La justicia sigue siendo real — y también lo es la responsabilidad
Nada de esto disuelve el peso de lo que se alega que ocurrió. Unos niños murieron. Sus vidas eran reales. Su pérdida es inconmensurable. Un padre ha buscado proteger evidencia sensible, quizás en un acto de duelo y dignidad por una familia destrozada más allá de lo que las palabras pueden alcanzar. El proceso legal — los jurados ya sentados, las resoluciones pendientes — existe porque la justicia no es una preferencia. Es una necesidad moral arraigada en la imagen de Dios que porta cada víctima.

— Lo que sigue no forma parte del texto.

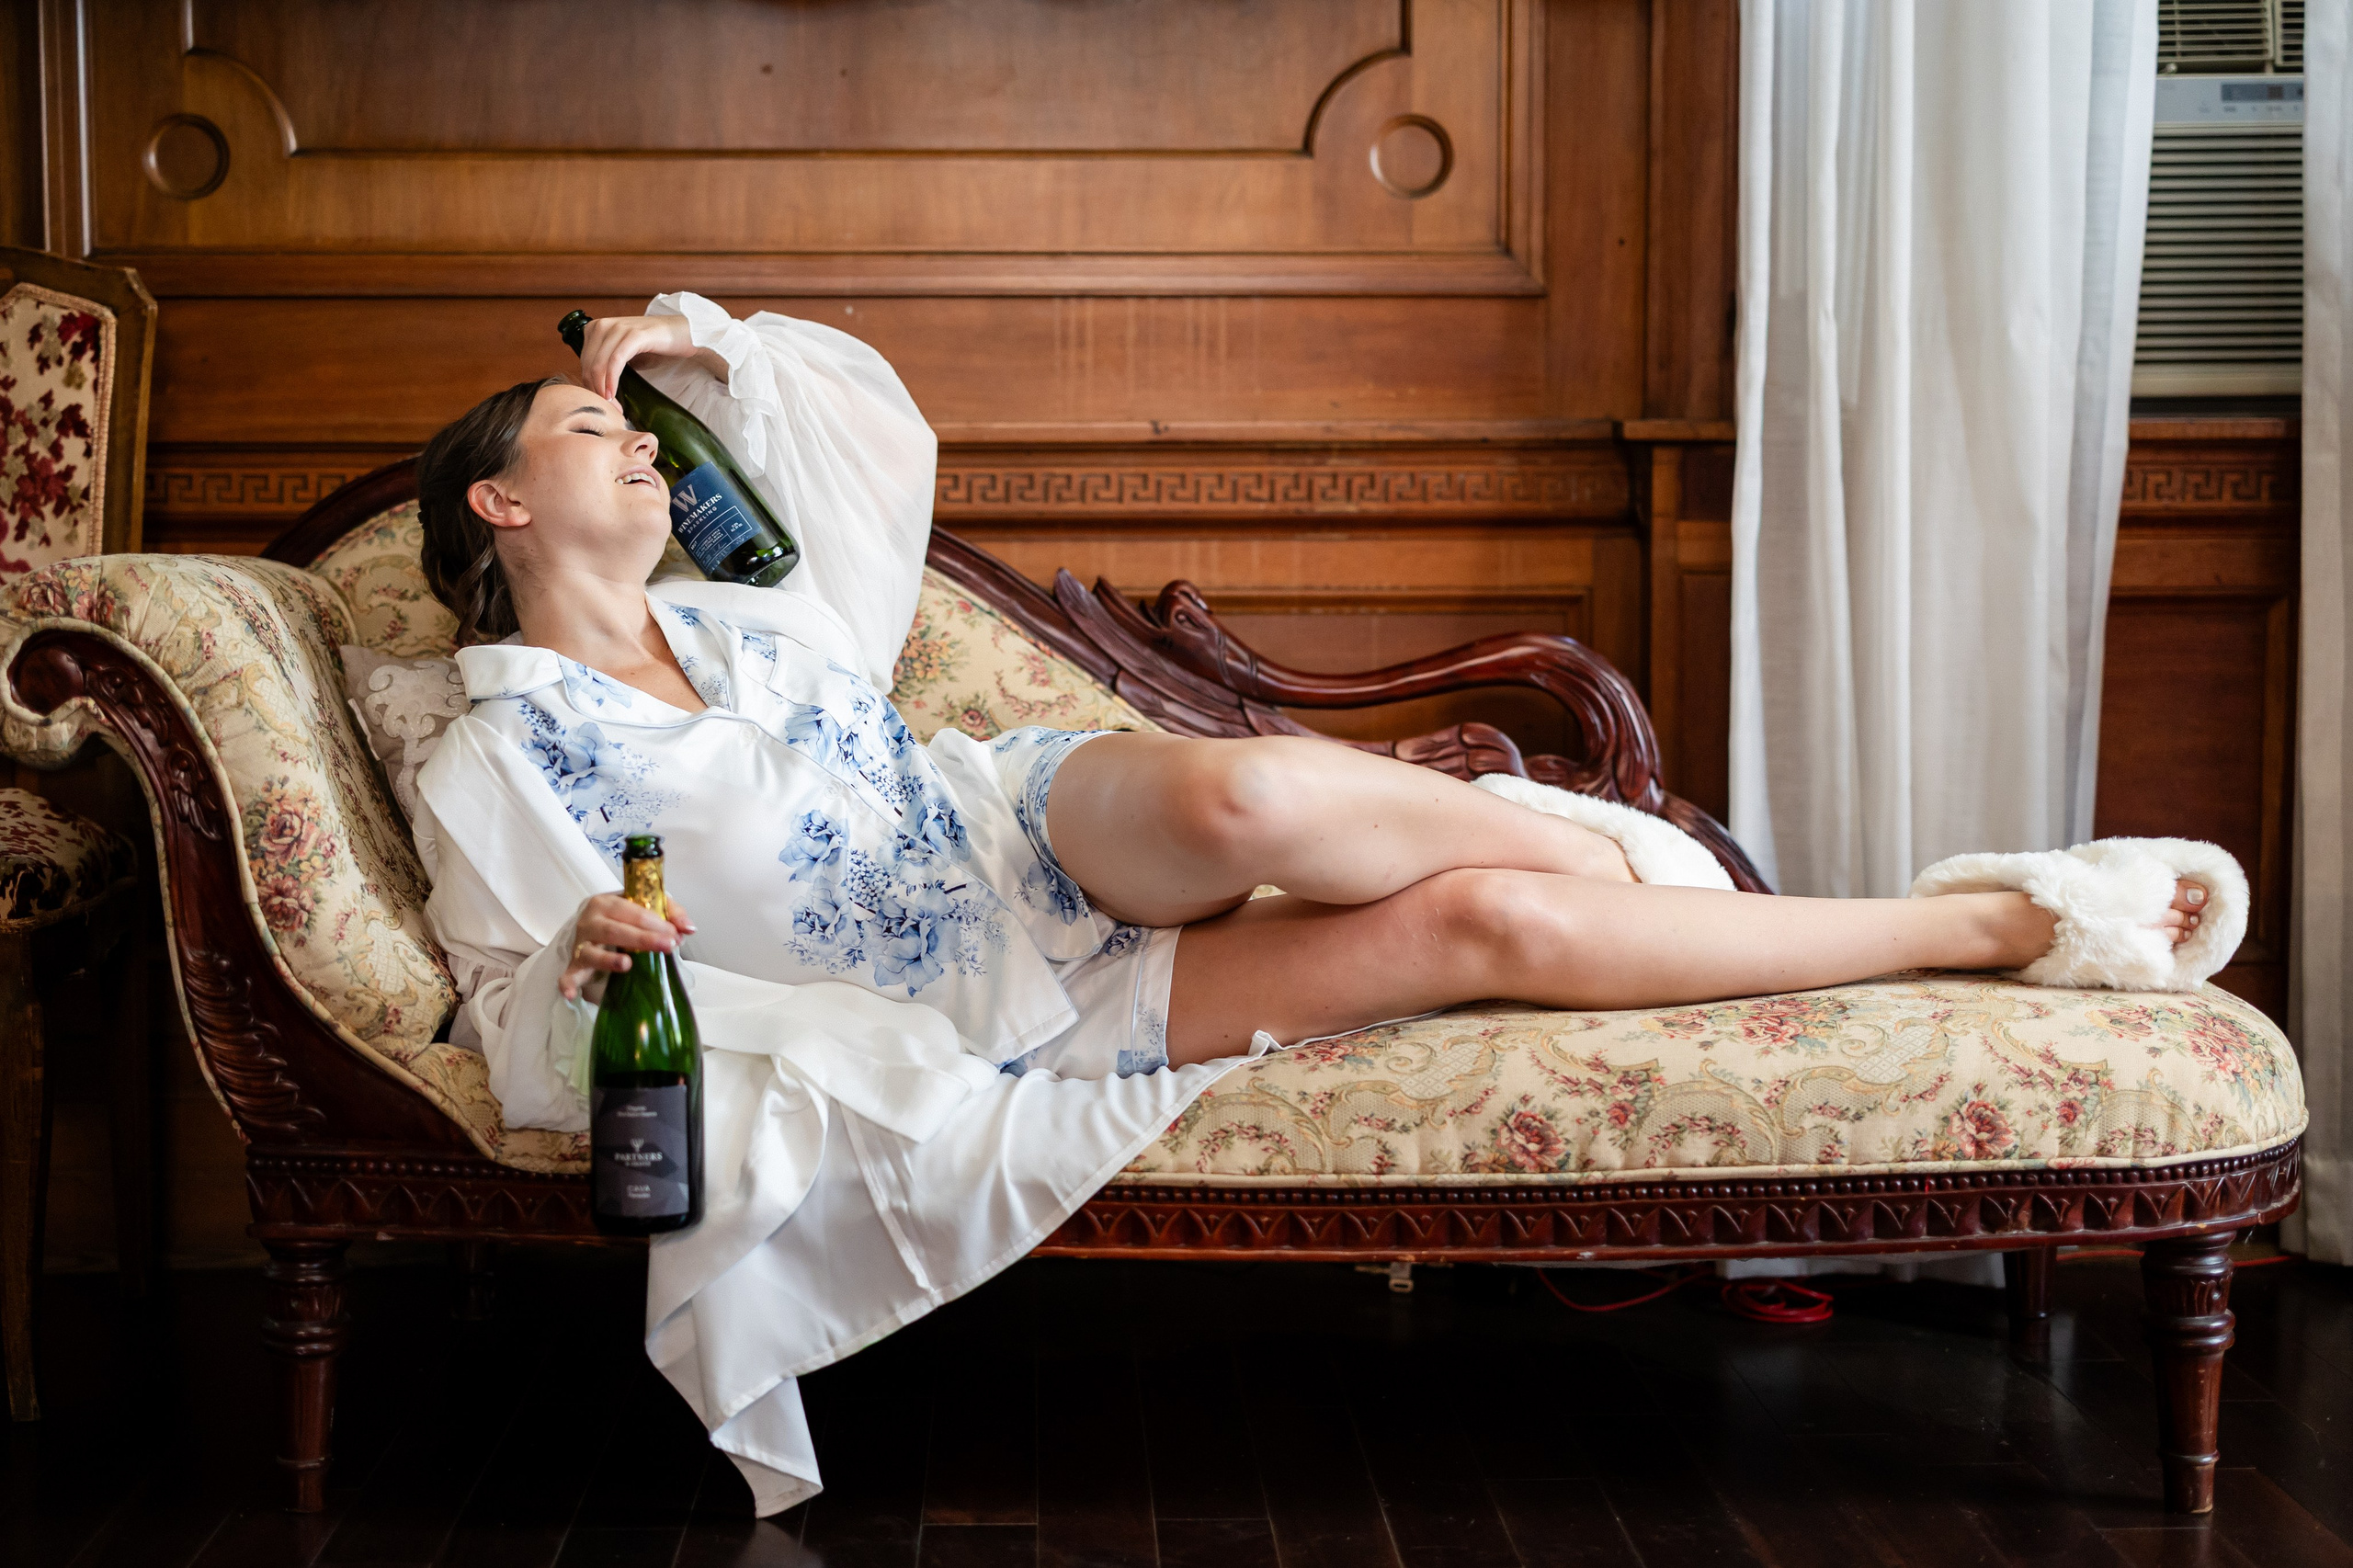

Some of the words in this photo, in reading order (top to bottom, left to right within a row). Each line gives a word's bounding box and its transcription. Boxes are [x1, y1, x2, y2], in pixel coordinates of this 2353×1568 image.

Los cristianos no deberían romantizar la enfermedad mental hasta el punto de disolver por completo todas las categorías morales. El sistema legal debe cumplir su función. Los tribunales deben sopesar la evidencia, la intención y la compleja intersección entre la enfermedad y el acto. Eso es correcto. Así funciona una sociedad fundada en el orden moral.
Pero el papel de la comunidad cristiana no es funcionar como un segundo tribunal. No estamos llamados a emitir veredictos sobre individuos cuyo sufrimiento privado solo hemos vislumbrado a través de titulares de noticias. Estamos llamados a algo más difícil y más específico: a dejar que este momento exponga nuestros propios fracasos, y a construir algo mejor antes de que la próxima madre llegue a su punto de quiebre sin que nadie la vea.
La iglesia como el primer respondiente que siempre debió ser
La iglesia primitiva era conocida por cuidar a quienes la cultura circundante descartaba. Recogía a los infantes abandonados. Se sentaba junto a los moribundos durante las plagas. Se organizaba en torno a la premisa radical de que el sufrimiento de un miembro era la preocupación de todos los miembros. Esto no era caridad como programa. Era teología como práctica.
El período posparto es un crisol. Físicamente agotada, emocionalmente expuesta, con la identidad moviéndose bajo sus pies — una madre primeriza se encuentra entre las personas más vulnerables de cualquier congregación. Y la iglesia, si funciona como el cuerpo de Cristo, debería ser el lugar más seguro del mundo para que ella se desmorone un poco y sea sostenida.
Eso significa que el cuidado posparto esté incorporado en la cultura de una iglesia, no como un añadido del ministerio de mujeres, sino como una prioridad pastoral. Significa normalizar el apoyo profesional en salud mental desde el púlpito. Significa capacitar a los líderes de grupos pequeños para reconocer señales de alerta. Significa ancianos que se comunican, no una sola vez, sino de manera continua, y que hacen preguntas de seguimiento cuando la respuesta es "estoy bien" pero los ojos dicen otra cosa.
El juicio de Lindsay Clancy avanza a través de sus etapas legales. Un jurado está siendo conformado. Las resoluciones llegarán. El proceso se desplegará según sus propios ritmos. La iglesia no puede controlar nada de eso.
Lo que la iglesia sí puede controlar es si la próxima madre que lucha en su seno es vista, sostenida y acompañada — antes de que la tragedia se inscriba en el registro.
Eso no es un programa. Es el evangelio, hecho visible en tiempo real.